3.2.2. Rock Thin Section Identification before and after CO2 Geochemical Reaction
Rock thin section identification can be used to observe the particle size, pore structure, and mineral composition of rocks. The original particle size and pore structure of the drill cuttings have been damaged by the drilling process, which is no longer suitable for thin section identification. Therefore, sidewall cores with similar physical properties sampled from the nearby block were used for the experiment. Because of the weak consolidation, the sidewall cores were molded into epoxy resin castings and polished into thin sections with a thickness of 0.03 mm.
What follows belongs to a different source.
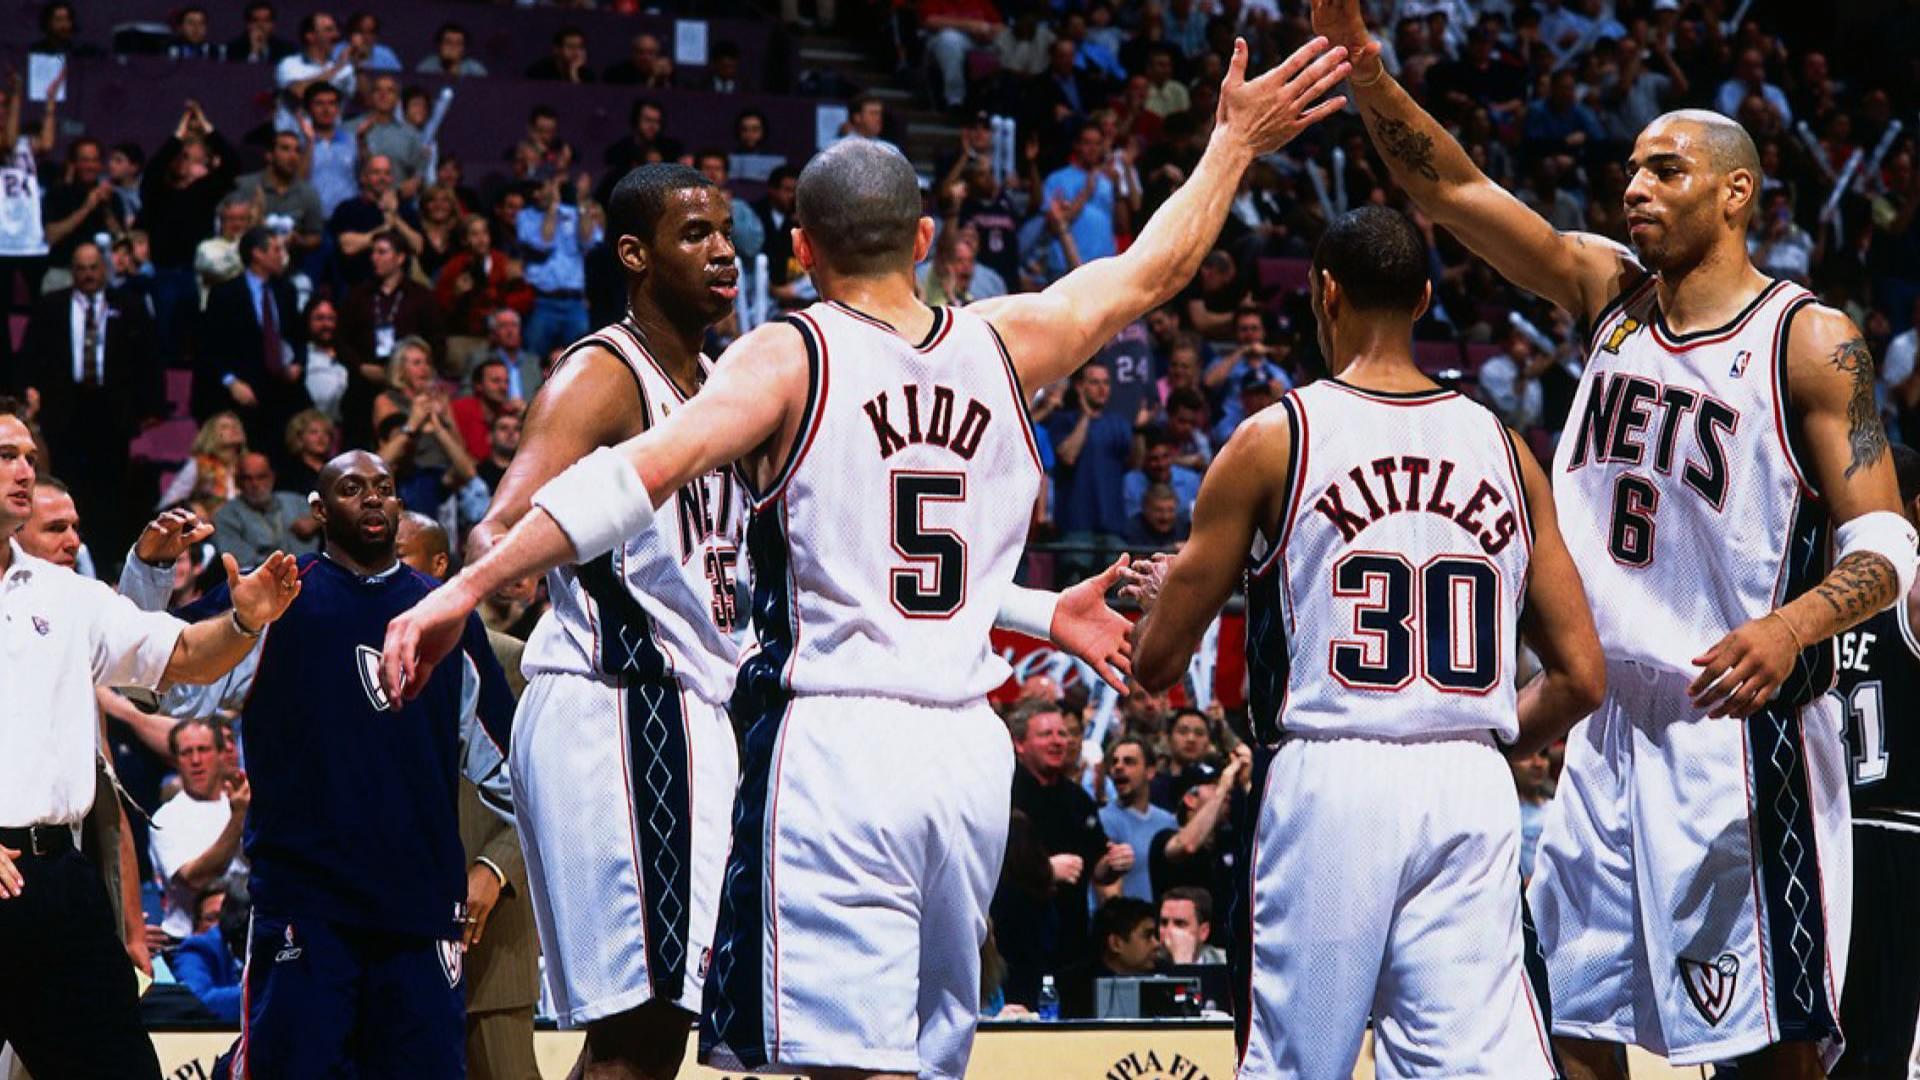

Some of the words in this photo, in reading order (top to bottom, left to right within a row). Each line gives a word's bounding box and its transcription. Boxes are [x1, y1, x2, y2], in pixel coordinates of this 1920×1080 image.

The German Zeiss polarized microscope (Model Axio Scope A1, ICCS optical system, 5 kinds of lens bodies with FEM design and ACR coding, maximum sample height up to 380 mm) was used to analyze the thin sections before the CO2 geochemical reaction [40,41], and then the sections were placed in the reactor and immersed in the CO2-saturated formation water at the designed temperature and pressure. After 7 days of reaction, these thin sections were taken out and examined again.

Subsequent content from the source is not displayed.